Em has been on the Diamox for almost a week and it is the miracle I had hoped for. She is headache free for most of each day now. The medicine is a bit variable as to when it wears off. Some days she goes late into the evening and the headache doesn’t return. Other days, it wears off at 3:00 in the afternoon and the headache slowly increases through the evening. But, as Dr. Diana points out, we are using a static dosage to treat a dynamic system – the production of CSF constantly changes from moment to moment. It is not surprising that the dose of Diamox has limits when faced with a CSF system in constant flux. And I would much rather deal with these minor fluctuations than have no answer at all. It is also entirely possible that as Em continues on the Diamox, things will continue to level out or we may end up adjusting the dose. I am just so thankful that the Diamox works, that I will gladly deal with the little quirks that we see. Oh, and no signs of dehydration or any problems. She is tolerating the medication very well and we couldn’t be happier!

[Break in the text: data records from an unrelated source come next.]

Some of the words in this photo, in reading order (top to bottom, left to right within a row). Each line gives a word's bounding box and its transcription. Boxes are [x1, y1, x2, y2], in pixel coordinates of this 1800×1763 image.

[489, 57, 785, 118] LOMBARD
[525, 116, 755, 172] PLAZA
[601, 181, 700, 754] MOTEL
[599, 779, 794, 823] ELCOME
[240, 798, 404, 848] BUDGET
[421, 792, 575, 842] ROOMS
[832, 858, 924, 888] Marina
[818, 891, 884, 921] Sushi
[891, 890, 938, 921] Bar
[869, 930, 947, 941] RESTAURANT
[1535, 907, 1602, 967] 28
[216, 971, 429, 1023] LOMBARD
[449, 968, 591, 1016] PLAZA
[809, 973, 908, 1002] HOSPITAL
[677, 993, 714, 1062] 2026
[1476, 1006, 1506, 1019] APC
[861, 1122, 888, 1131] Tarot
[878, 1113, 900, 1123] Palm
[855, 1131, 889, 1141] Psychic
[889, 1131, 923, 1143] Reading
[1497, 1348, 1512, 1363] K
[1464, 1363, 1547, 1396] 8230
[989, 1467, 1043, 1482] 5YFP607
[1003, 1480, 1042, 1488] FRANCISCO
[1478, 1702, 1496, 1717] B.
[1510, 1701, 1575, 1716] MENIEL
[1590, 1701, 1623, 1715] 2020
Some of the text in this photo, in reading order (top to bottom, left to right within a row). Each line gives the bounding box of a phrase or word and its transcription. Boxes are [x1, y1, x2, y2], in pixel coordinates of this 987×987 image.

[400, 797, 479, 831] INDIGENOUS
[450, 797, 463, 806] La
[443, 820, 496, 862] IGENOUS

We are preparing for her Tilt Table Test tomorrow morning. I know it needs to be done -it is long overdue, really should have been done a year ago – and it makes sense to get it over with. But I so wish it didn’t have to happen right now. She has to be off her amitriptyline and benedryl for 3 nights before the test. We had just got the ami to a good level – she was sleeping well and her sleep schedule was adjusting beautifully. Saturday night, the first night with no ami, she didn’t fall asleep until 6 am. And she felt awful all day. Headache, nausea, terrible fatigue. All symptoms of amitriptyline withdrawal. I strongly suspect that she went off it too quickly. The pain clinic told us to bump it down to 25 mgs for 3 nights, then 0 for the 3 nights before the test. But I think that was not gradual enough and she is suffering the consequences. Last night, she fell asleep around 3:30 am, so that was a bit better. She just has to get through one more night, and she can start back on 25 mgs, then back up to 50 mgs after 3 nights.
She is dreading the Tilt Table Test and is generally in a very bad mood. That could be withdrawal symptoms but I tend to agree with her that the timing of this sucks. She has had so little relief for so long that having the medication that actually helps her sleep taken away, seems cruel. She isn’t always very trusting of the medical community and with good reason. But, hopefully the good experiences start outweighing the bad ones.
The other thing I am worried about is that I need to stay in the room with her during the test. I am prepared to go to the mat for this one – the techs will have no clue about EDS or how fragile her joints are and she absolutely needs an advocate with her. Hopefully it won’t be an issue and the test gives us the conclusive data we need and we can get on with our lives.
So, that is what we are up to – two steps forward, one step back. But, in general, things are good and I am extremely thankful!